### Aim of the task
The output is a word-for-word repeat of the listing below, free of images.

'''

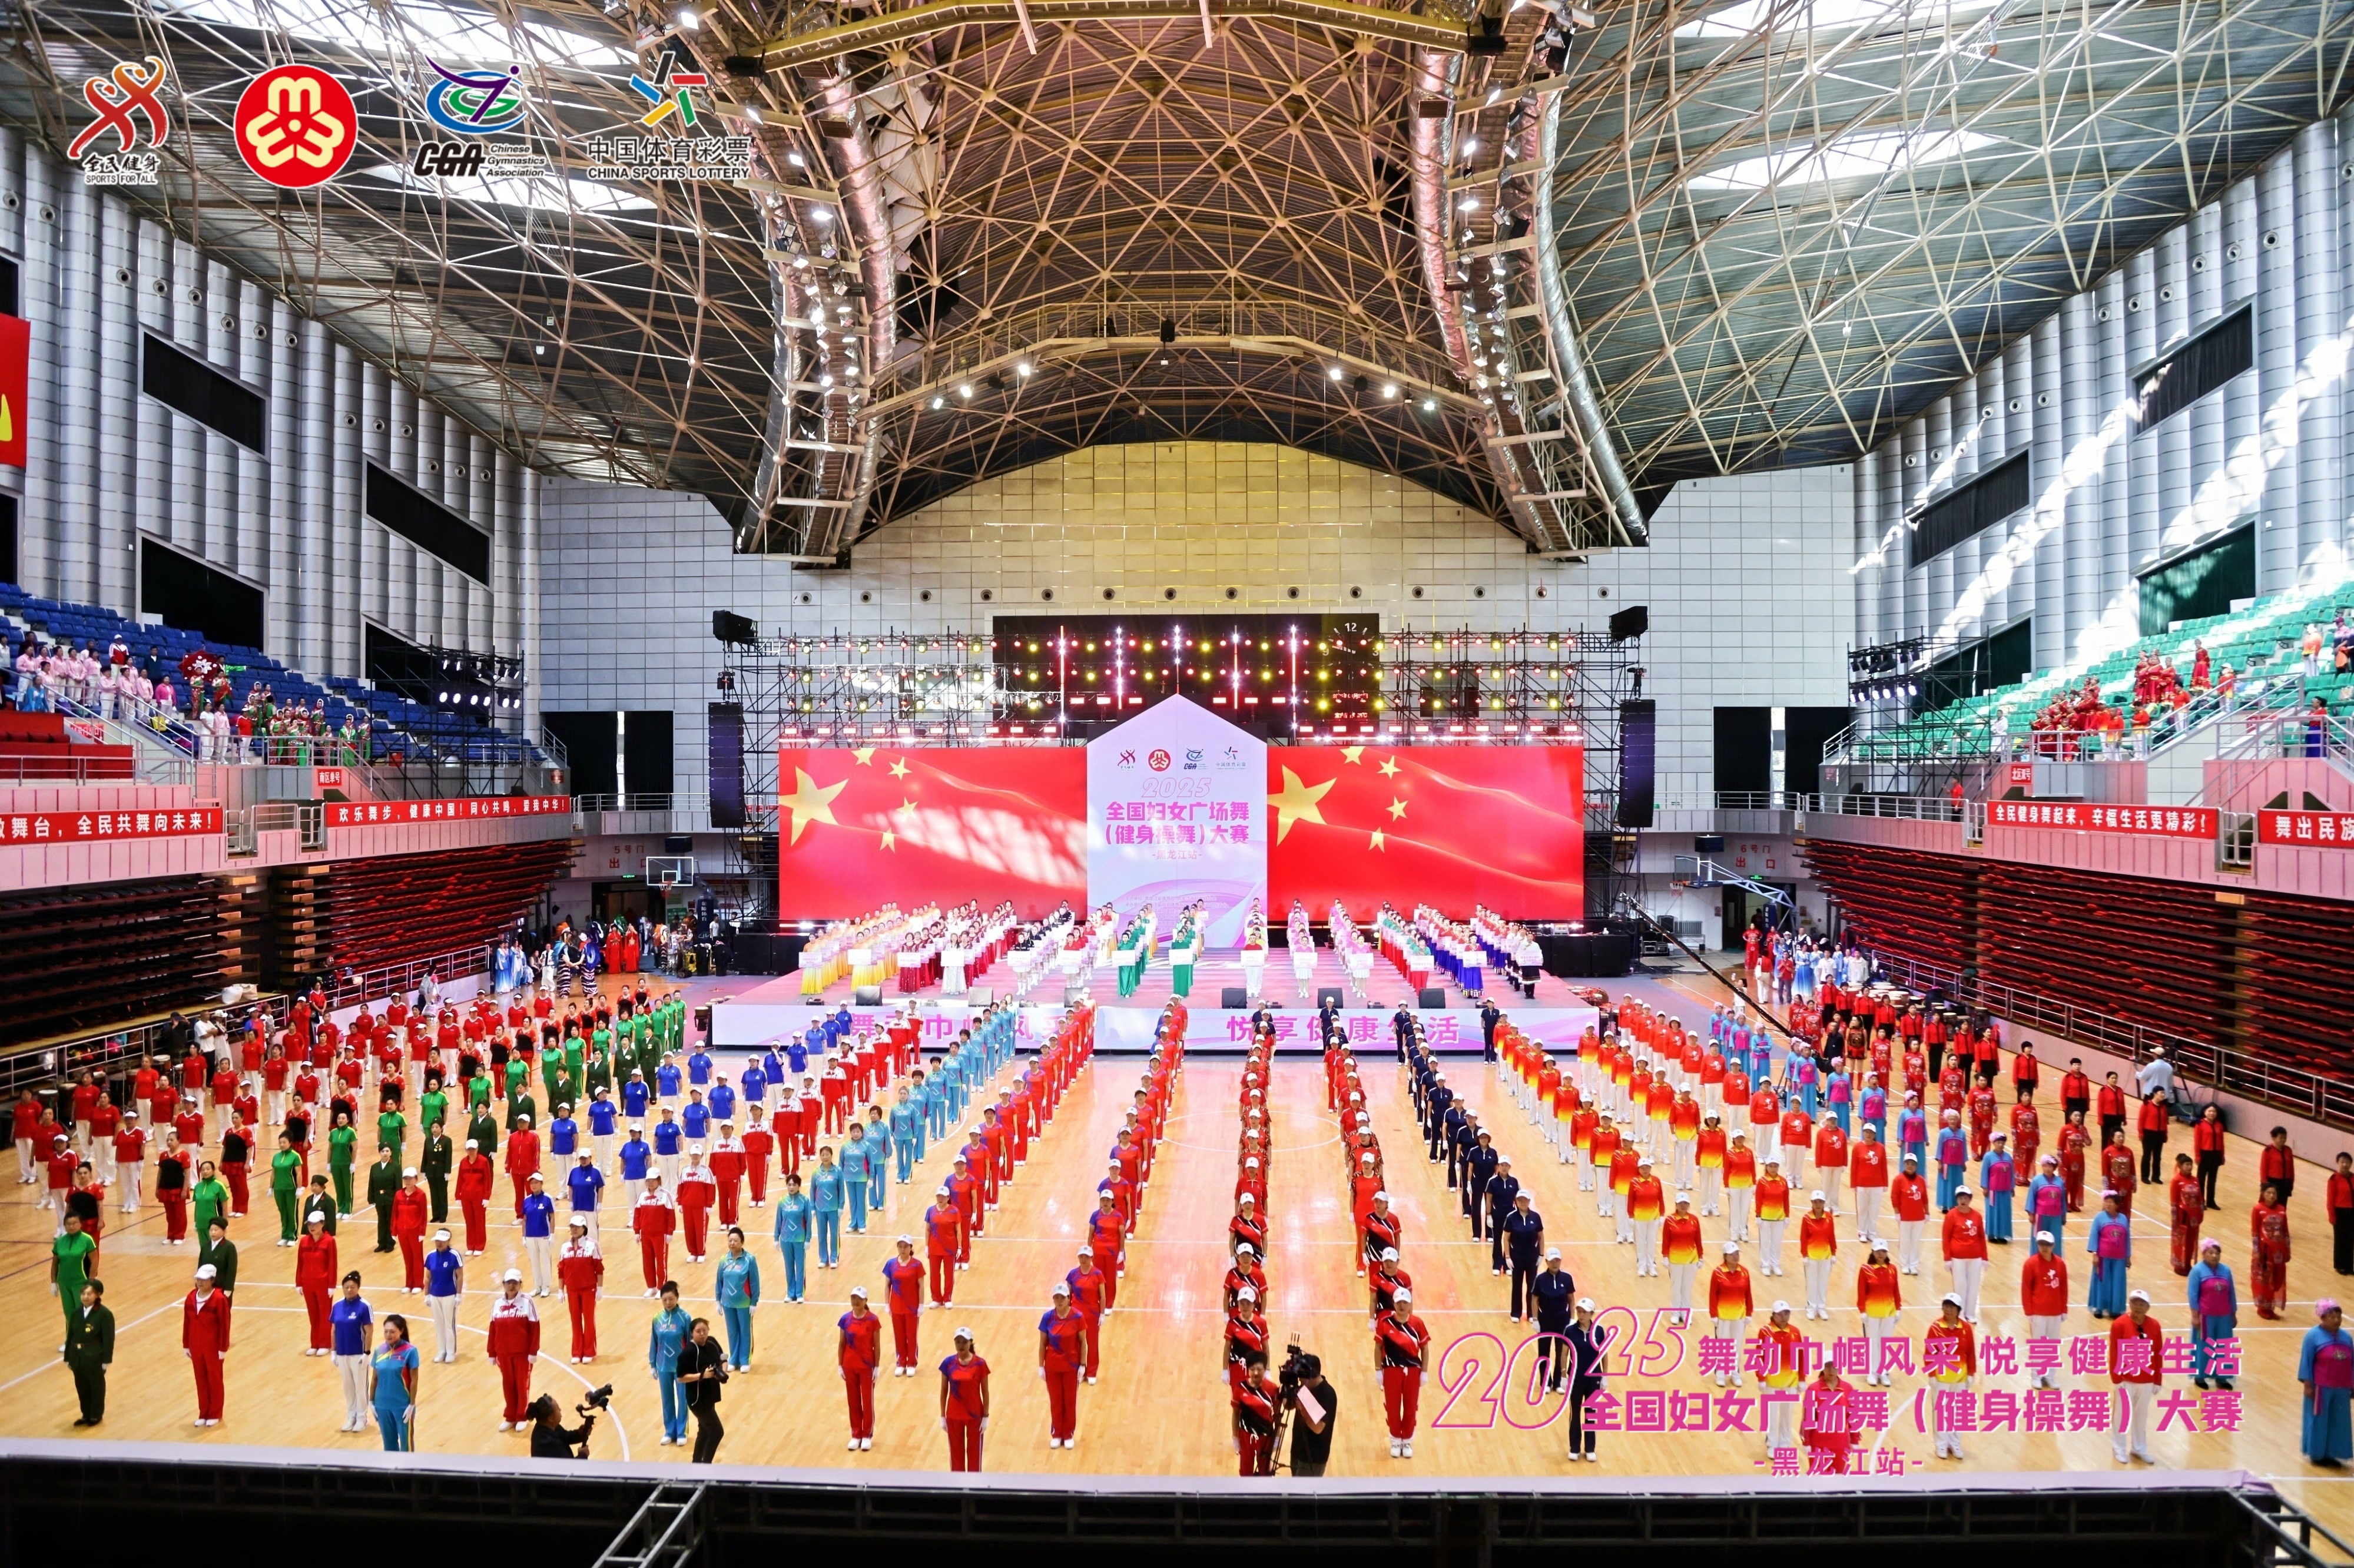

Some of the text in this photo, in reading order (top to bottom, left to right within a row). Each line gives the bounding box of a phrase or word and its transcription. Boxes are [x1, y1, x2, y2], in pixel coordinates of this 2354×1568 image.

[1344, 622, 1357, 632] 12
[319, 771, 340, 784] 南区单号
[1141, 777, 1212, 798] 2025
[1106, 801, 1249, 821] 全国妇女广场舞
[0, 812, 212, 839] 舞台，全民共舞向未来！
[2275, 816, 2354, 841] 舞出民族
[614, 844, 644, 854] 5号门
[1740, 844, 1771, 854] 6号门
[1735, 856, 1776, 869] 出口
[1226, 1015, 1461, 1043] 悦享健康活

'''

### Output of the task
Some of the text in this photo, in reading order (top to bottom, left to right within a row). Each line gives the bounding box of a phrase or word and its transcription. Boxes are [x1, y1, x2, y2], in pixel coordinates of this 2354×1568 image.

[1344, 622, 1357, 632] 12
[319, 771, 340, 784] 南区单号
[1141, 777, 1212, 798] 2025
[1106, 801, 1249, 821] 全国妇女广场舞
[0, 812, 212, 839] 舞台，全民共舞向未来！
[2275, 816, 2354, 841] 舞出民族
[614, 844, 644, 854] 5号门
[1740, 844, 1771, 854] 6号门
[1735, 856, 1776, 869] 出口
[1226, 1015, 1461, 1043] 悦享健康活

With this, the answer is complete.